Published: January 22 2009 20:13 | Last updated: January 22 2009 20:13

The labyrinthine backstage space of Glasgow’s Citizens’ Theatre has, at times, a theatrical potential to equal that of its auditorium, a point plainly not lost on David Leddy. For some years this theatrical buccaneer has shown a propensity for fearless experiment and in this site-specific piece his capacity to combine dark poetry with a paradoxical mix of forensic detachment and passionate proselytising realises itself ingeniously.

Cora Bissett and Angela Darcy as Millie and Dillie Merkeley in Sub Rosa. By Tim Morozzo
Ghostly twins: Cora Bissett and Angela Darcy
In Sub Rosa, the secret referred to in the title is a murder, but we meet neither victim nor criminal in the telling. Instead, through four monologues and a duologue delivered by various theatre employees, we hear the tale of Flora, a 12-year-old runaway who becomes a star turn in a Victorian theatre. The owner of the theatre, Hunter, though, exacts a toll of sexual abuse and appalling violence for her success.

Leddy directs his own script with an admirable sureness of touch, bringing out, through Nich Smith’s lighting design, all the eerie tawdriness of the story in our journey through various property rooms, costume departments and dilapidated green rooms of the venue. On the way, we meet characters such as the ill-fated strongman (David Magowan) who befriends Flora, and ghostly Siamese twins (Cora Bissett and Angela Darcy), each of whom seeks to remind us of the voyeuristic nature of the theatre, and the strict and often brutal class hierarchy it can represent in microcosm.

If the piece is compelling throughout, its real power is realised by the final monologue, delivered with brilliant, icy precision by Louise Ludgate as the jealous head chorus girl of the theatre. Describing a point where she might save a heroine who is clearly marked for destruction from the start, she looks very evenly at the audience and says: “I do the same thing as you... I do nothing.”

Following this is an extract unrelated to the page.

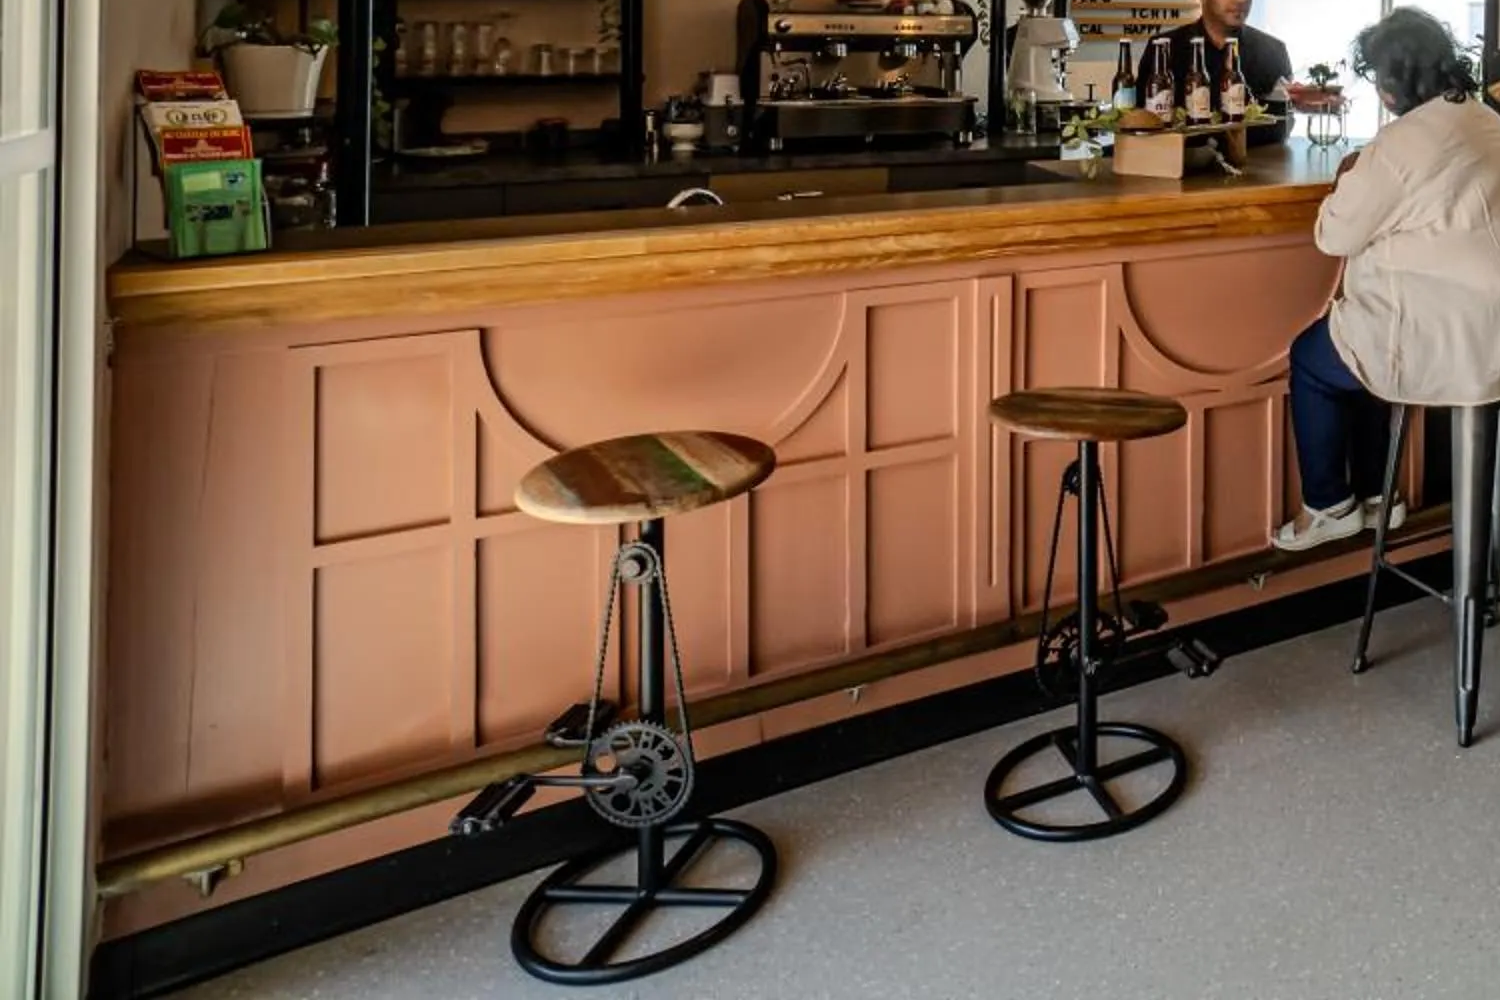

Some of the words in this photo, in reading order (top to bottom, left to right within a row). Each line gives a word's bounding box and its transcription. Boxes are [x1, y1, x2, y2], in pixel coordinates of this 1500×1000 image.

[1131, 8, 1180, 19] TCHIN
[1079, 24, 1104, 34] CAL
[1123, 24, 1162, 35] HAPPY

Suddenly, the references to “revolution in the Winter Palace” and Voltaire’s maxim “it’s dangerous to be right when those in power are wrong” that echo through the text are brought sharply into contemporary focus. The inertia and voyeurism of a middle class in the midst of immense inequality is condemned, as the distancing trope of Victorian Gothic is stripped away. The theatre has long specialised in biting the well-manicured hand that feeds it, but rarely with such cunningly seductive articulacy.